Pour les besoins de la photo, j’ai transporté le tout dans la cour.

Le temps est venu de la repentance. Après avoir vilipendé les pratiquants du vélo d’appartement et autres engins de salles de fitness, je dois aller à Canossa et avouer que dans l’ombre de ma cave je me livre à de telles pratiques.

J’invoque cependant les circonstances atténuantes et l’usage thérapeutique. Si j’ai recouvré une motricité quasi complète, je sens bien à certaines petites douleurs à tel ou tel moment que la consolidation est encore incomplète et je ne me vois pas reprendre le vélo avec ce que cela suppose parfois d’arrêts nécessitant de poser pied à terre un peu vivement, surtout en cette période de l’année.

Qui plus est, la piscine de Mons étant fermée pour travaux, il me faut renoncer à ma deuxième séance hebdomadaire de natation, faute d’horaire approprié en semaine.

Dans ces circonstances, je pouvais donc sans trop me renier envisager l’achat d’un « home trainer ».

Après avoir consulté plusieurs avis d’utilisateurs, mon choix s’est porté sur un SATORI T 1830. C’est un modèle qui présente des qualités d’ergonomie, de robustesse et surtout qui offre une résistance suffisante pour générer un réel effort. De ce que j’ai lu, les appareils « premier prix » semblent à éviter car n’offrant qu’un pédalage « facile ».

Après quelques séances d’utilisation, voici mon avis.

Il est sûr que ce moyen de faire du vélo ne procure aucune des sensations d’une pratique réelle.

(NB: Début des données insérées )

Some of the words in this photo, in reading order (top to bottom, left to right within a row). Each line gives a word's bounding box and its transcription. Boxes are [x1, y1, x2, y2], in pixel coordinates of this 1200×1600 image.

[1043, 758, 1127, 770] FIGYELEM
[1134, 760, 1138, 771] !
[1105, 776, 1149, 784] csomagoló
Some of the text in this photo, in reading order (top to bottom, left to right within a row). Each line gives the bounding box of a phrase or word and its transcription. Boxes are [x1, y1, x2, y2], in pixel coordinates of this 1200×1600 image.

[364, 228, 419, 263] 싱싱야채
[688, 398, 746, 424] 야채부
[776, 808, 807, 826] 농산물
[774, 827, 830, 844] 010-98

Pas d’impression de vitesse, pas de paysage, pas d’odeurs changeantes au gré des lieux traversés …

Dans ces conditions, difficile de travailler l’endurance. Même en écoutant de la musique ou la radio, je n’imagine pas passer des heures à pédaler ainsi.

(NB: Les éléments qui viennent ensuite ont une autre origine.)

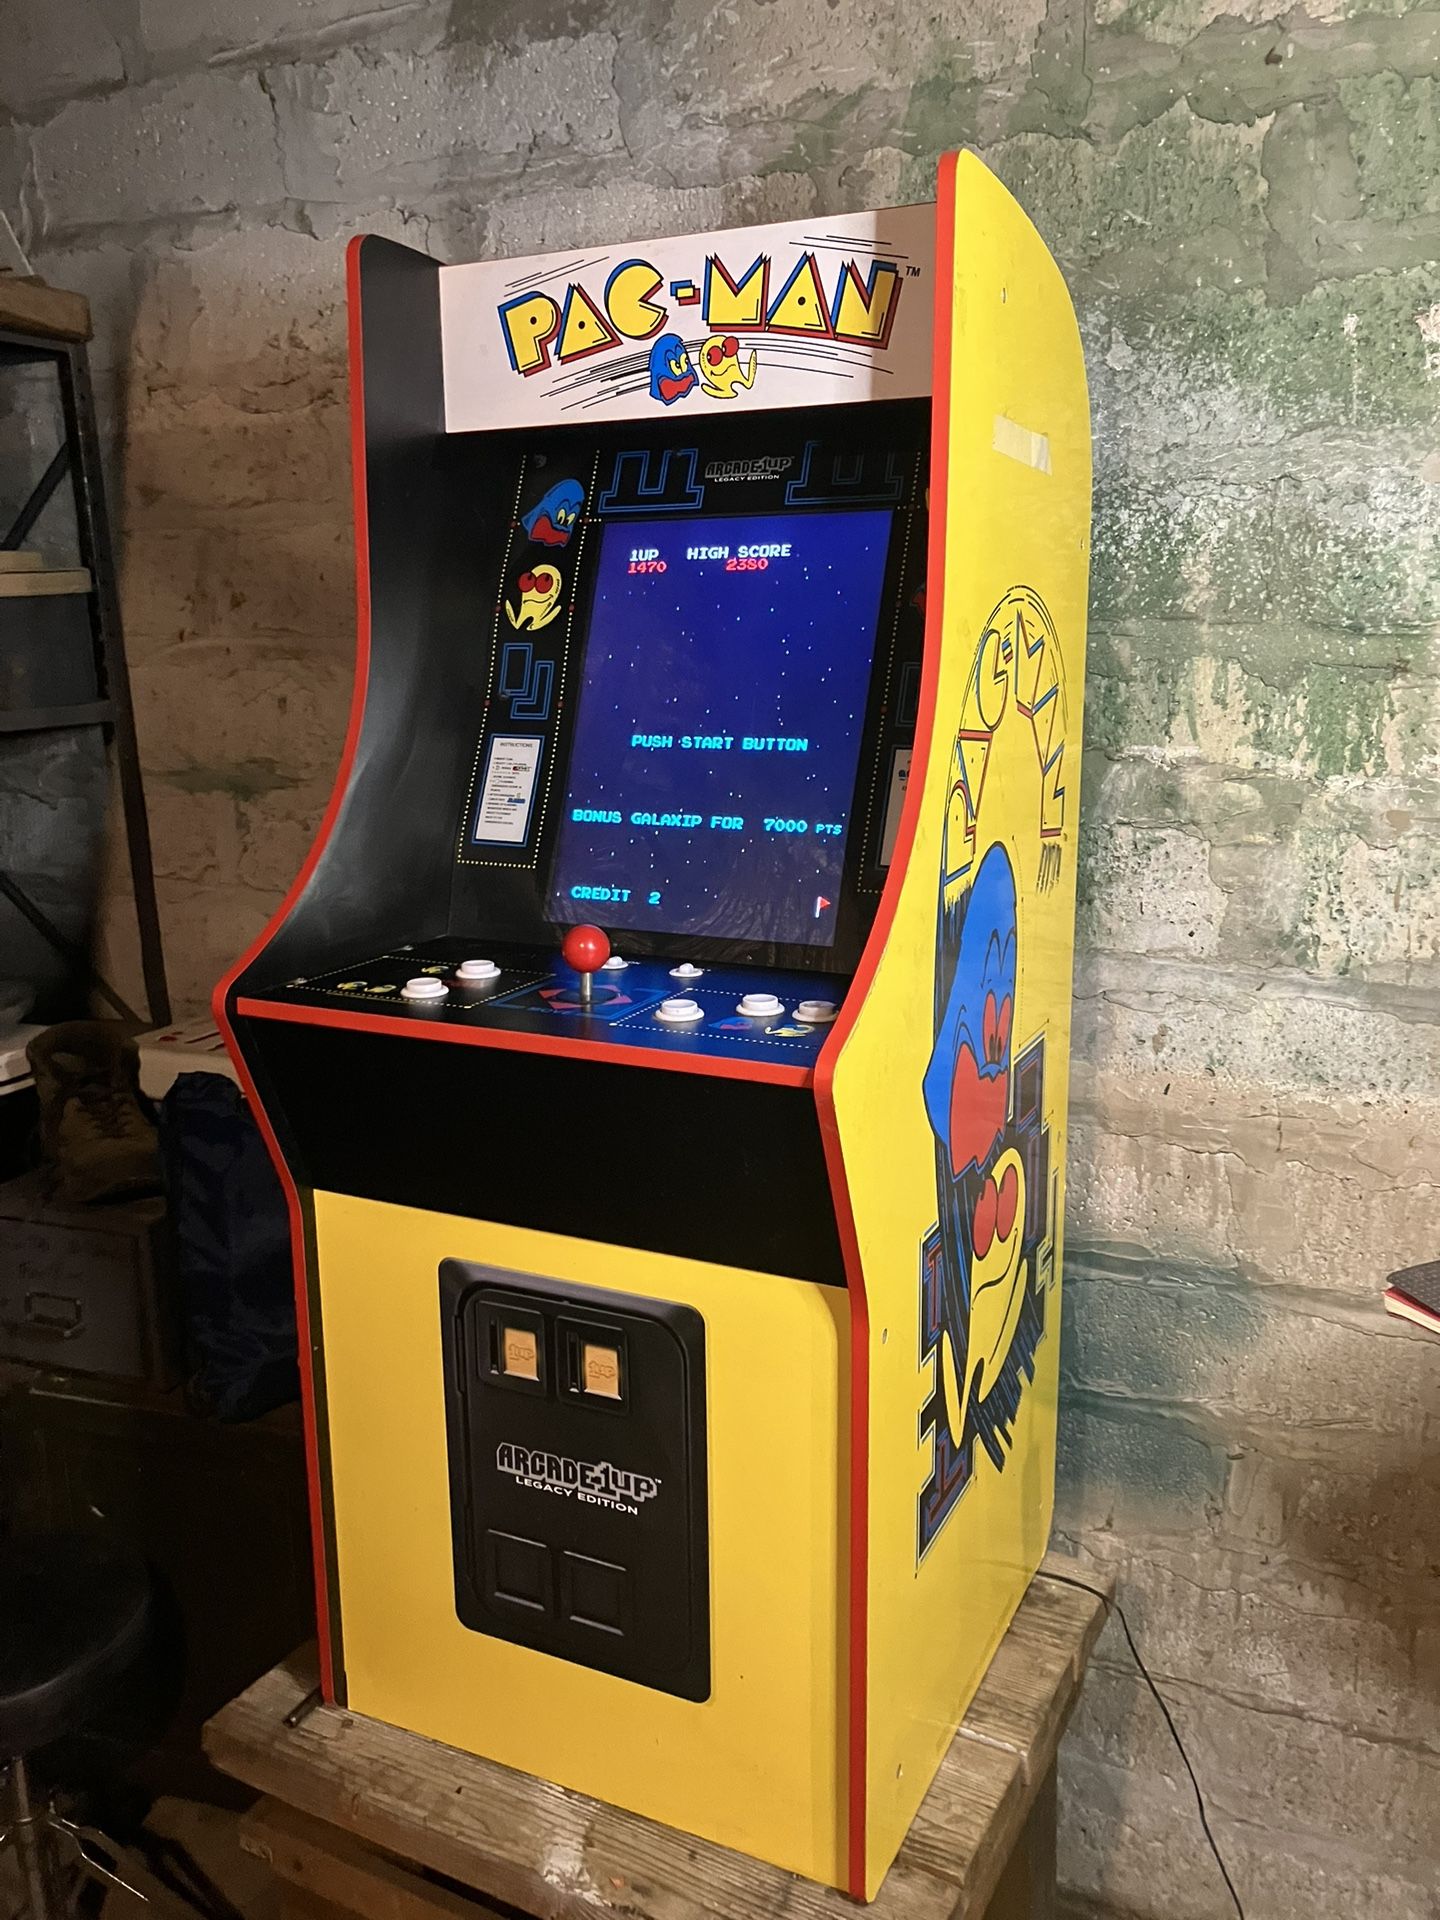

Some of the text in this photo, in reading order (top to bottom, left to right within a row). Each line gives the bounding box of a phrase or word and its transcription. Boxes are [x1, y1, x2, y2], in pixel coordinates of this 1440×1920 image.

[497, 251, 904, 377] PAC-MAN
[629, 544, 792, 562] 1UP HIGH SCORE
[628, 561, 667, 574] 1470
[631, 734, 808, 752] PUSH START BUTTON
[572, 809, 843, 835] BONUS GALAXIP FOR 7000 PTS
[571, 886, 661, 906] CREDIT 2
[515, 1475, 639, 1516] LEGACY EDITION

C’est par contre très pratique pour travailler la résistance ou la musculation, surtout lorsque l’on habite en ville. C’est toujours très compliqué de faire des séances de fractionné compte tenu des contraintes de la circulation urbaine. De même, la possibilité de faire varier la résistance constitue pour le cycliste de plaine un bon substitut aux pentes de contrées plus vallonnées. A en croire les indications du fournisseur, la résistance maximum simule une pente de 7%.

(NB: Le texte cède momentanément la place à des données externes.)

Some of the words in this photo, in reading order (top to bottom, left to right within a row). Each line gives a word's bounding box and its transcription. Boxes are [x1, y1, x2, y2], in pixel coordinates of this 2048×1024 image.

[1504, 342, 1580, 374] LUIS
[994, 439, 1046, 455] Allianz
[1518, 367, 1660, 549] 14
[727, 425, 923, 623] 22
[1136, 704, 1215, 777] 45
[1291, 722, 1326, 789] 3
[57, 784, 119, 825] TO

Autre avantage, nul besoin de prêter attention à la route (vous voyez ce que je veux dire). On peut se concentrer sur la technique de pédalage.

Pour l’instant, je me suis limité à des séances de quarante cinq minutes, en essayant de varier les plaisirs.

Enfin dernière considération, ne bénéficiant plus de l’effet « refroidissement par air » on monte vite en température et cela peut procurer, à ceux qui comme moi ont pris un peu de poids autour des hanches pour cause d’inactivité, des séances de sudation.

Quelques photos commentées de cet appareil.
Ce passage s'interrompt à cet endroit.